Die Aggregation aller Datenströme ist für die Entwicklung der KI-Module unerlässlich. Eine sichere und strukturierte Datenerfassung ermöglicht das Offline-Training der KI-Module und die spätere Verifizierung. Dabei werden insbesondere Inkonsistenzen in den Daten und Ausreißer identifiziert und beseitigt. Weiterhin wird ein Konzept für die Übergabe zwischen Back- und Frontend für das webbasierte VTS entwickelt.

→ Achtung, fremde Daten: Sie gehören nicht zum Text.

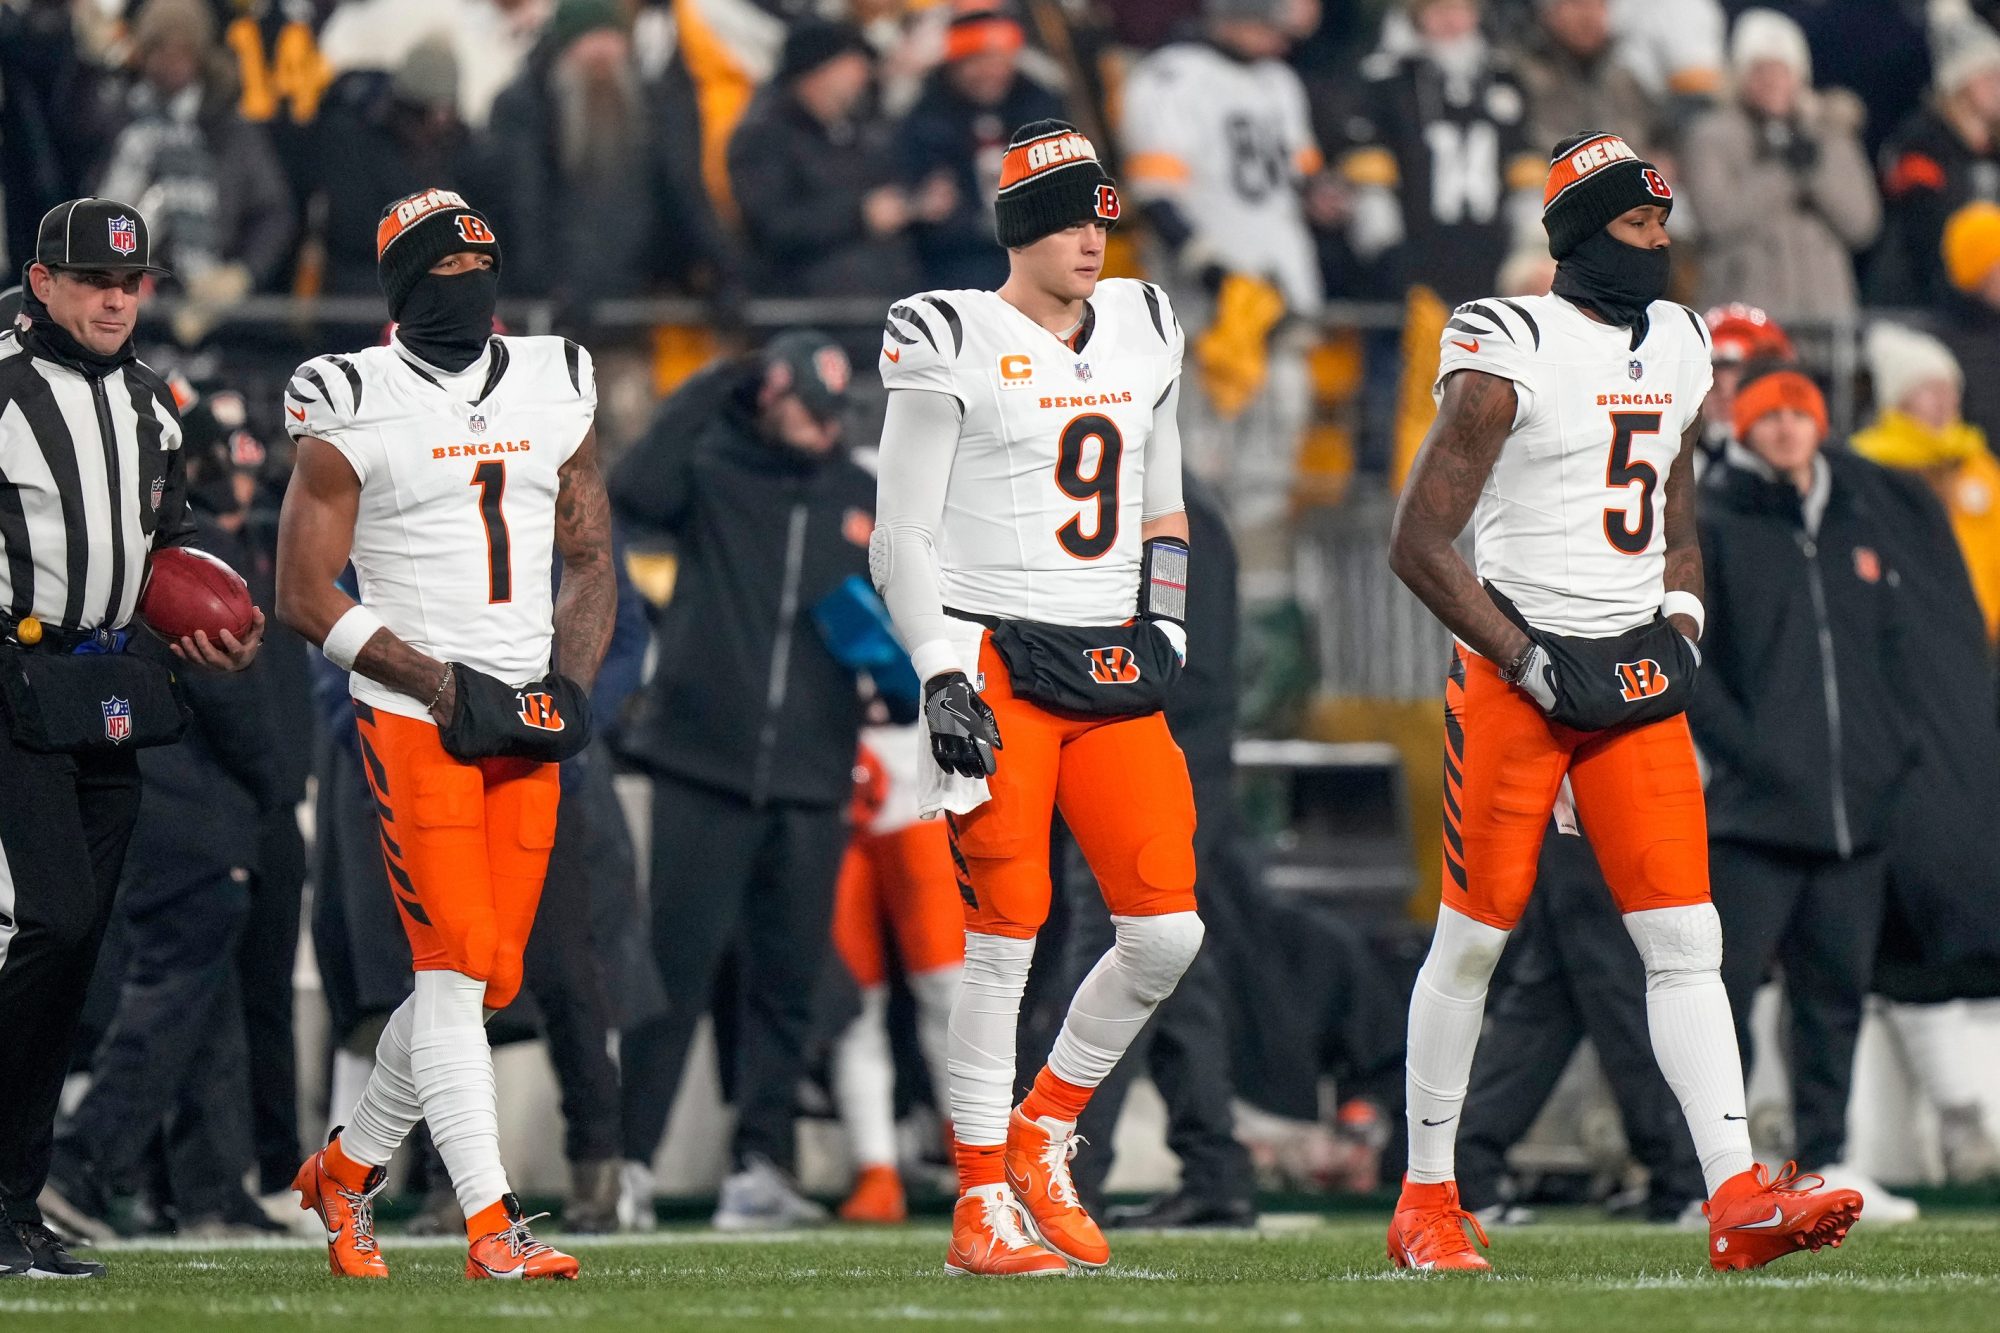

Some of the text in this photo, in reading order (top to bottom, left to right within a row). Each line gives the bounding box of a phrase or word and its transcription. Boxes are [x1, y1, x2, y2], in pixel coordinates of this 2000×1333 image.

Der Demonstrator erfordert die Entwicklung einer robusten Software- und Hardware-Architektur. Schnittstellen und technische Anforderungen werden definiert. Außerdem werden die Systemmodule definiert und der Austausch von Sensor-, Situationserkennungs- und Routeninformationen zwischen Schiff und Land sowie die spätere Integration des Systems in die heutigen VTS-Lösungen festgelegt.

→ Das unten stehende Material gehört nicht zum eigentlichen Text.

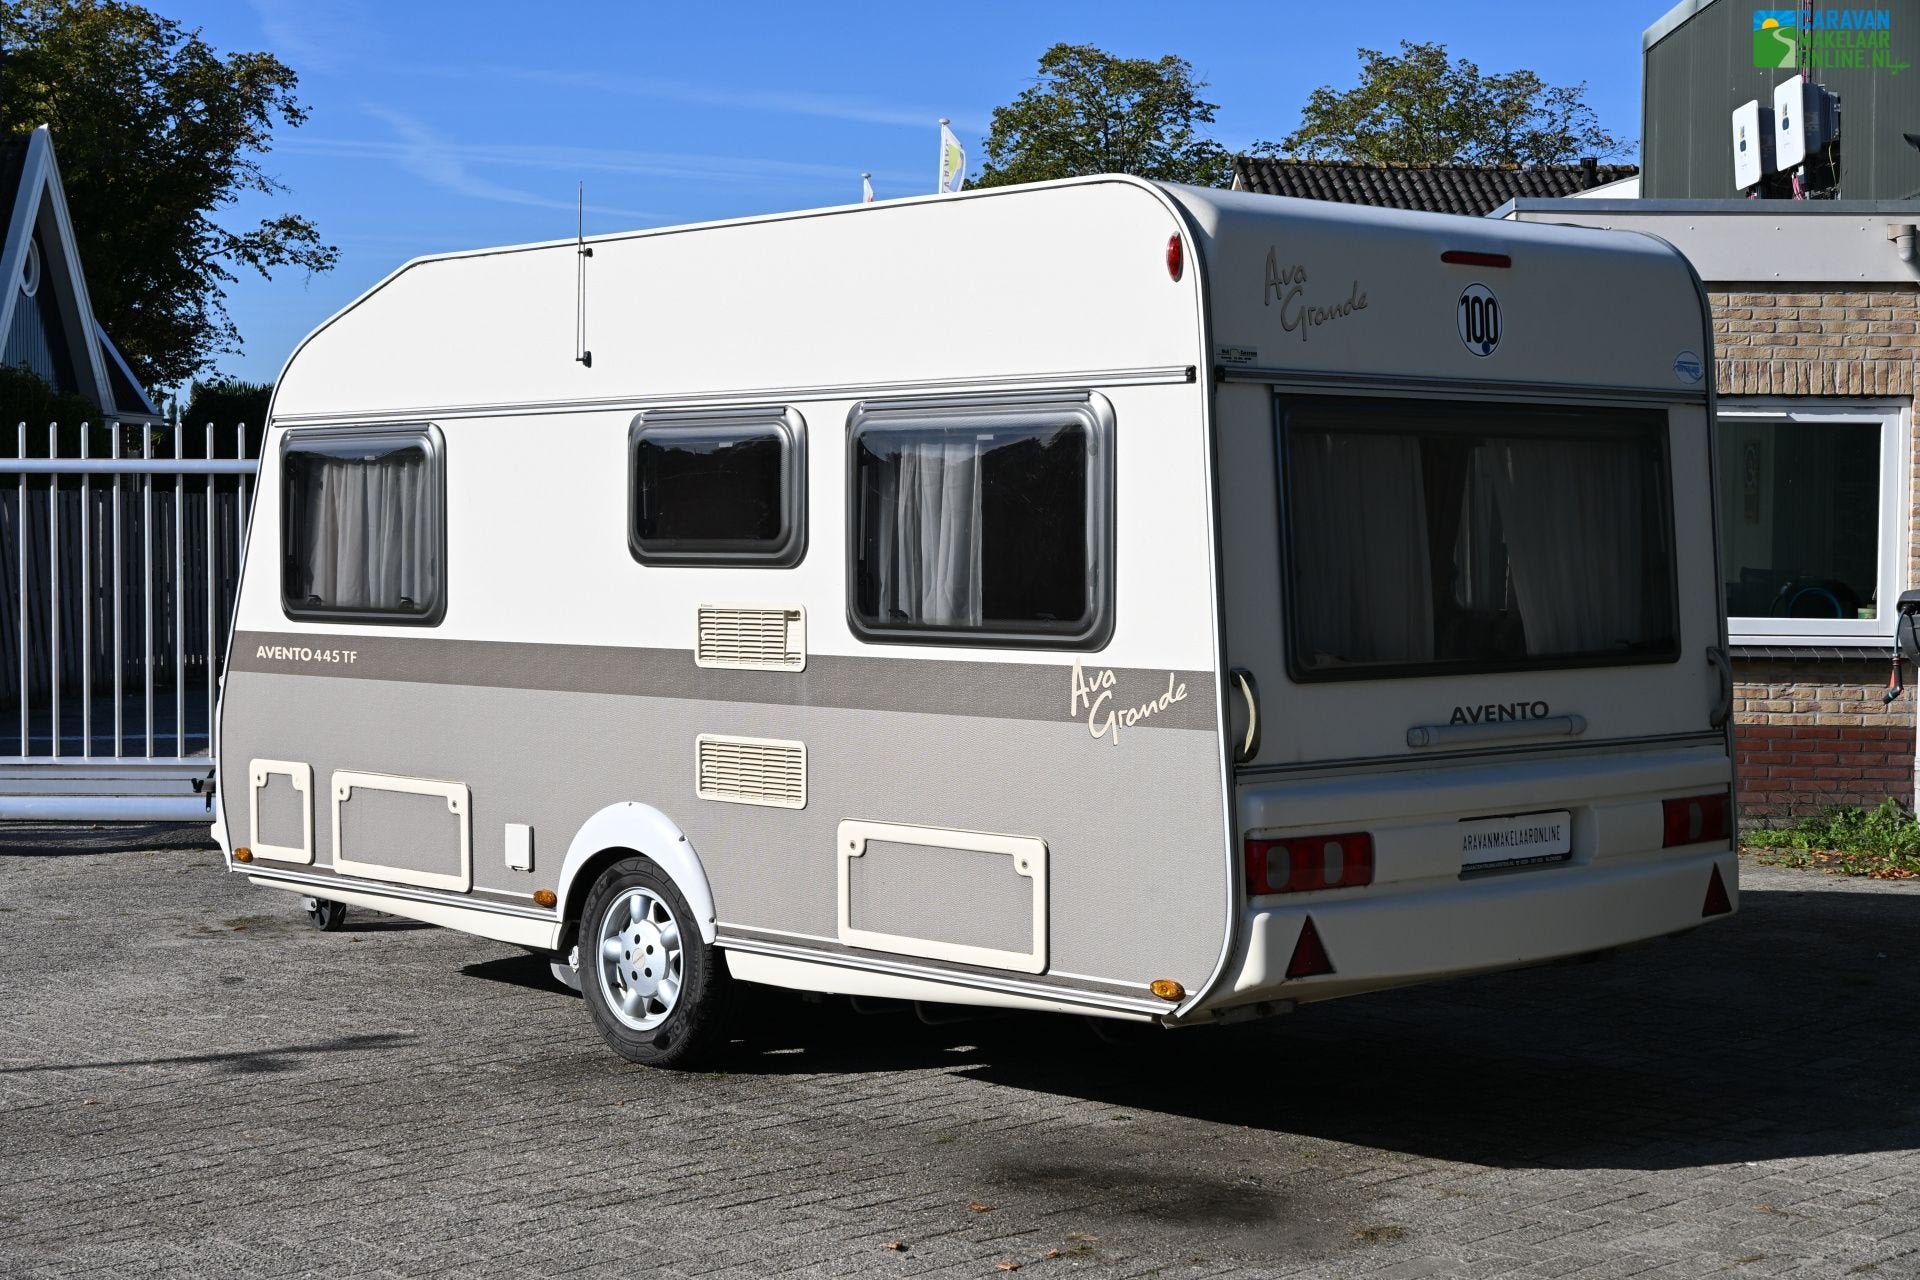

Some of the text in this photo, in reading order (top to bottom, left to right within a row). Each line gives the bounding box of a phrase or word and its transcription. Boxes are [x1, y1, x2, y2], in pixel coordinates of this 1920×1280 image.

[1264, 245, 1308, 306] Ava
[1280, 280, 1369, 342] Grande
[1461, 295, 1498, 345] 100
[256, 645, 358, 663] AVENTO 445 TF
[1070, 656, 1117, 717] Ava
[1088, 672, 1188, 746] Grande
[1449, 700, 1550, 726] AVENTO
[1462, 825, 1561, 852] ARAVANMAKELAARONLINE

Mensch-Maschine-Schnittstelle für KI-basierte VTS-Unterstützung

Grundlage ist die ISO 9241-210 "Ergonomie der Mensch-System-Interaktion - Teil 210: Menschenzentrierte Gestaltung interaktiver Systeme". Der Gestaltungsprozess ist ein iteratives Verfahren mit kontinuierlicher Optimierung und Anpassung von Gestaltungslösungen auf der Basis von nutzerzentrierten Evaluationen. Der Entwurfsprozess ist ein iteratives Verfahren mit kontinuierlicher Optimierung und Anpassung von Entwurfslösungen auf der Basis nutzerzentrierter Evaluationen. Die Einbindung der Nutzer findet in Form von Workshops und Interviews statt.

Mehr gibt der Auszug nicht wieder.